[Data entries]
□ □ □
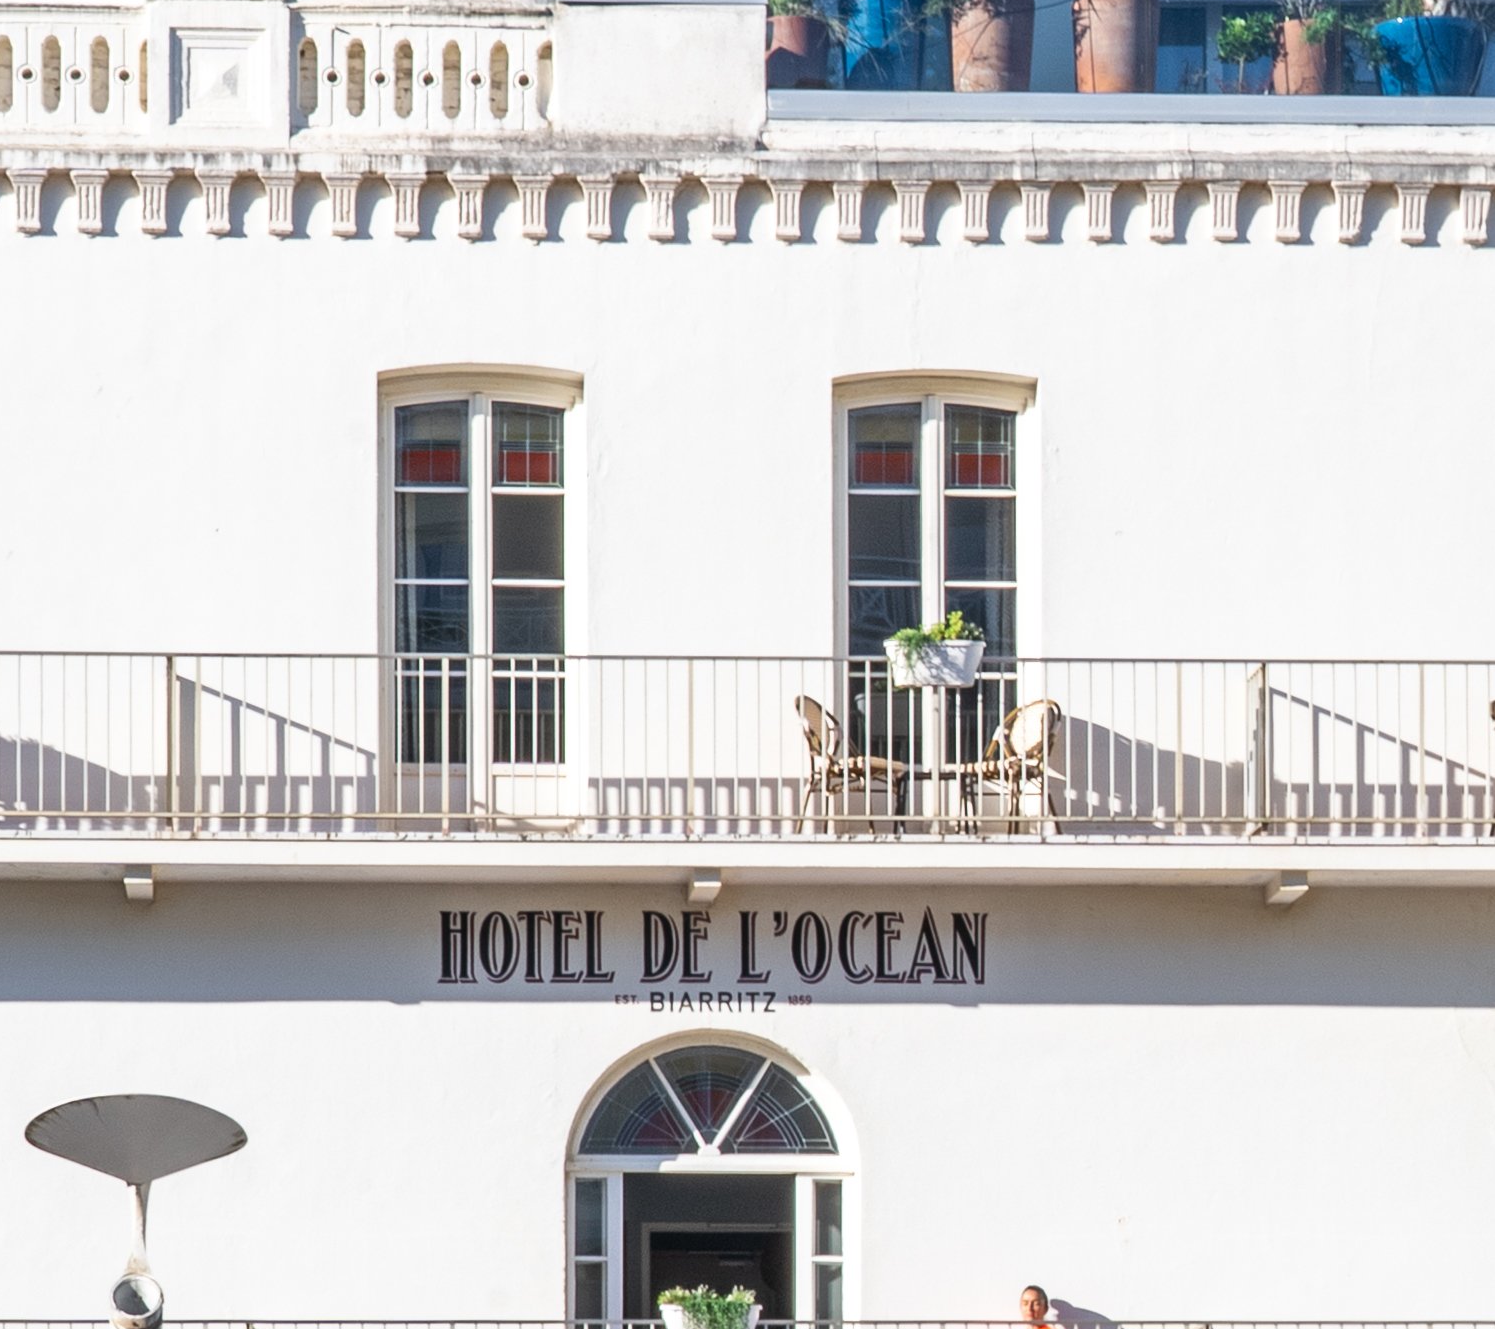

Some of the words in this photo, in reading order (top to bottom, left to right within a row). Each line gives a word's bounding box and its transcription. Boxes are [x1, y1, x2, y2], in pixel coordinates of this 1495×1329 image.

[437, 910, 615, 983] HOTEL
[640, 910, 713, 983] DE
[737, 905, 988, 984] L'OCEAN
[615, 994, 640, 1005] EST.
[650, 991, 777, 1013] BIARRITZ
[787, 994, 813, 1005] 1859
□ □ □
- _What to do_: Give the entries back verbatim and omit the images.

- _Written response_:
Some of the words in this photo, in reading order (top to bottom, left to right within a row). Each line gives a word's bounding box and its transcription. Boxes are [x1, y1, x2, y2], in pixel coordinates of this 1495×1329 image.

[437, 910, 615, 983] HOTEL
[640, 910, 713, 983] DE
[737, 905, 988, 984] L'OCEAN
[615, 994, 640, 1005] EST.
[650, 991, 777, 1013] BIARRITZ
[787, 994, 813, 1005] 1859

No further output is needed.